Он открыл дверь перед Амалией, и она вышла. Лакомб проследовал за ней, и вдвоем они спустились на первый этаж.
– Возможно, вы захотите занять кабинет недалеко от черного хода, – заметил хозяин как бы между прочим.
– Возможно, захочу, – в тон ему ответила Амалия.
Кабинет, в который ее провел хозяин, мало чем отличался от своих собратьев в заведениях средней руки. Он был рассчитан на то, чтобы тут уместилась как парочка, так и компания человек в 8—10. Для парочки были предусмотрены целых два дивана, один в углу и другой – у дверей, а для компании – стол размерами больше обычного.
– Что будете заказывать, мадам? – спросил Лакомб.
Амалия собиралась ответить «Ничего», сославшись на то, что от волнения у нее пропал аппетит, – и неожиданно поняла, что ей очень хочется есть. Утром она позавтракала, после чего ей пришлось исколесить порядочную часть Парижа, и тут уж было не до еды. Сейчас организм, судя по всему, решил потребовать свое.
Ресторан славился своей нормандской кухней, в которой Амалия ничего не понимала, и баронесса стала обсуждать со своим собеседником блюда, значащиеся в меню. С вином Амалия мудрить не стала – она уже поняла, что от нормандского сидра ей не отвертеться. Впрочем, сидр был одним из немногих вин, который действительно ей нравился, без всяких оговорок.
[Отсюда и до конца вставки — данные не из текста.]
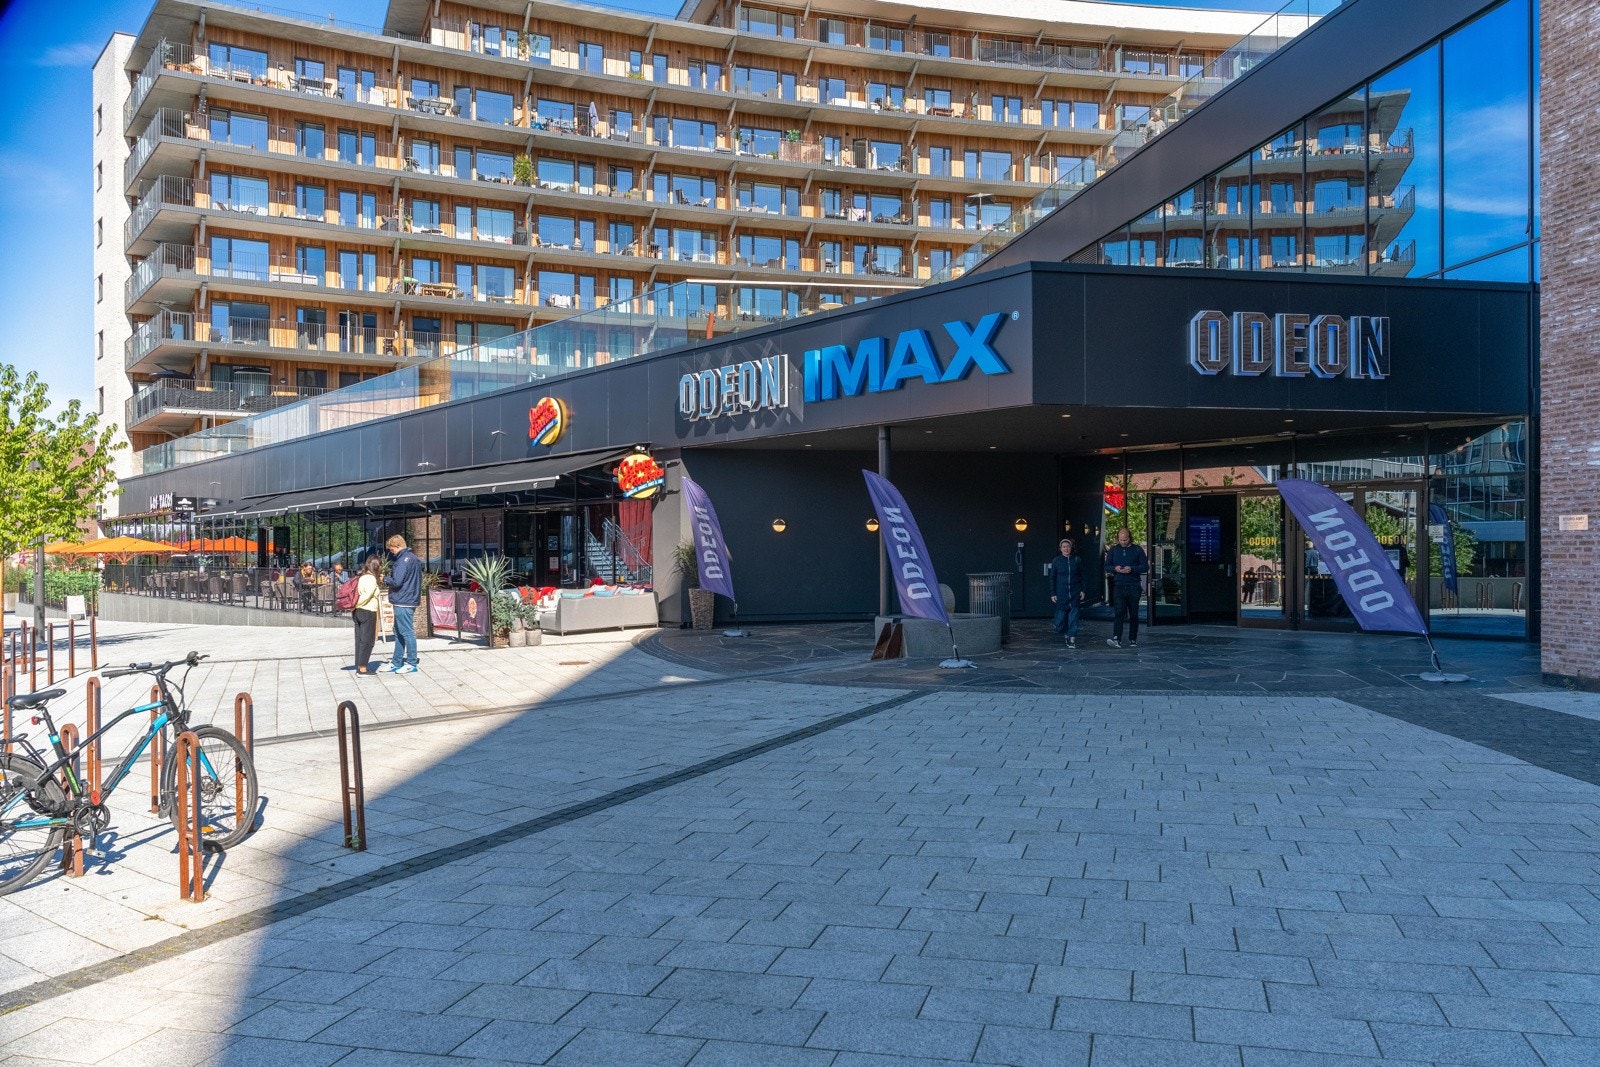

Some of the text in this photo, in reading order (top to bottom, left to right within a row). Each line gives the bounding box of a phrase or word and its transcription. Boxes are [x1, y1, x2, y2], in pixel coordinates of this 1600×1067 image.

Лакомб отправился отдавать указания шеф-повару, потом вернулся и сел напротив баронессы, которая выбрала место с таким расчетом, чтобы ее нельзя было увидеть в окно. Амалия никогда не была склонна к излишней доверчивости, и ее очень занимал вопрос, уж не попытается ли хозяин ресторана предпринять какие-то действия против нее. Но ее интуиция, которая раньше била тревогу, стоило поблизости появиться лже-Уортингтону, не чувствовала в Лакомбе ничего угрожающего. Тем не менее Амалия видела, что у этого корректного, буржуазного, представительного господина душа не на месте, и дело явно было вовсе не в том, что он побаивался телефонов и не доверял им.
– Рад, что вам нравится, – сказал Лакомб, наблюдая, как Амалия отдает должное рубцу по-кански. – Я уже говорил вам, что получил ресторан – и еще один в придачу – в наследство?
– Три года назад. Да, вы говорили.
– А полгода назад я женился. На женщине, в которую был влюблен… ну да, с 19 лет.
– Похвальное постоянство, – заметила Амалия. Ее ничуть не удивило, что ресторатор, которого она видела первый раз в жизни, решил поделиться с ней чем-то сокровенным. Она знала, что в ней есть нечто такое, что толкает людей на откровенность, и ей даже не надо было прилагать никаких усилий, чтобы собеседник переходил к признаниям.
– Да, наверное, – рассеянно сказал Лакомб в ответ на ее слова. – Она не была свободна, и я долго ждал, когда… ну, вы понимаете. Я мечтал о том моменте, когда мы сможем быть вместе. Теперь она моя, мы муж и жена, все должно быть хорошо. А все совсем не так.
– Почему?
– Не знаю. Она все переделывает, переставляет мебель, рассчитывает прислугу, нанимает новую. Меня это раздражает. От предыдущего брака у нее остались дети. Она хочет, чтобы я жил их интересами, а они терпеть меня не могут. Почему я должен притворяться, что они так же важны для меня, как и для нее? А еще… еще она подкрашивает волосы, представляете?
– Сколько ей лет? – спросила Амалия.
– 38. Но она говорит всем, что 33. Смешно – у нее оба сына уже студенты.
– Обычно после 30 у женщин появляются седые волосы. Она красится, потому что ей хочется лучше выглядеть. В конечном итоге, она красится ради вас.